# What you need to do
The line containing "Some of the words" marks where to begin; quote it and every line after it through the end of the data, exactly as written.

# The records
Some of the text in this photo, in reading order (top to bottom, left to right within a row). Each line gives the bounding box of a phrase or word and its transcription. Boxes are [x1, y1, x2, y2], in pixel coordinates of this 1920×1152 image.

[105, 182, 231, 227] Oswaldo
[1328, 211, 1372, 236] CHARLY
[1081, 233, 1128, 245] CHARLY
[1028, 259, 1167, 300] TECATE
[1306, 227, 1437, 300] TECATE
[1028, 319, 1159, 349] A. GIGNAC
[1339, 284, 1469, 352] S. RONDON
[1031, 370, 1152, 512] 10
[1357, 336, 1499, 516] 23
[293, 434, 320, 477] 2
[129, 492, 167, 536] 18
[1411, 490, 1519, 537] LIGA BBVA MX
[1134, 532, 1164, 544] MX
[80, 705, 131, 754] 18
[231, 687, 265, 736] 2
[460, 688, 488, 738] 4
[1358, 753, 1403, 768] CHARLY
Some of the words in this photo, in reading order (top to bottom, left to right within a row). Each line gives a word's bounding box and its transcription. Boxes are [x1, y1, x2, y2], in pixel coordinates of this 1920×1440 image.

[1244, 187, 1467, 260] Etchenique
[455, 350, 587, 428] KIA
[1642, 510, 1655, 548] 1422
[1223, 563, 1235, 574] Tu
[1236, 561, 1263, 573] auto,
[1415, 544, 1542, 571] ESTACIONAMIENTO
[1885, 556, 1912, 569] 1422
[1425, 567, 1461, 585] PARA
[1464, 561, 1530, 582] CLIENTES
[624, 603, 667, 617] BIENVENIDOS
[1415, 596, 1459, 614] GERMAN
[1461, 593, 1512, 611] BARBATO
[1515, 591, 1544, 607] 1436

# Reply to the task
Some of the words in this photo, in reading order (top to bottom, left to right within a row). Each line gives a word's bounding box and its transcription. Boxes are [x1, y1, x2, y2], in pixel coordinates of this 1920×1440 image.

[1244, 187, 1467, 260] Etchenique
[455, 350, 587, 428] KIA
[1642, 510, 1655, 548] 1422
[1223, 563, 1235, 574] Tu
[1236, 561, 1263, 573] auto,
[1415, 544, 1542, 571] ESTACIONAMIENTO
[1885, 556, 1912, 569] 1422
[1425, 567, 1461, 585] PARA
[1464, 561, 1530, 582] CLIENTES
[624, 603, 667, 617] BIENVENIDOS
[1415, 596, 1459, 614] GERMAN
[1461, 593, 1512, 611] BARBATO
[1515, 591, 1544, 607] 1436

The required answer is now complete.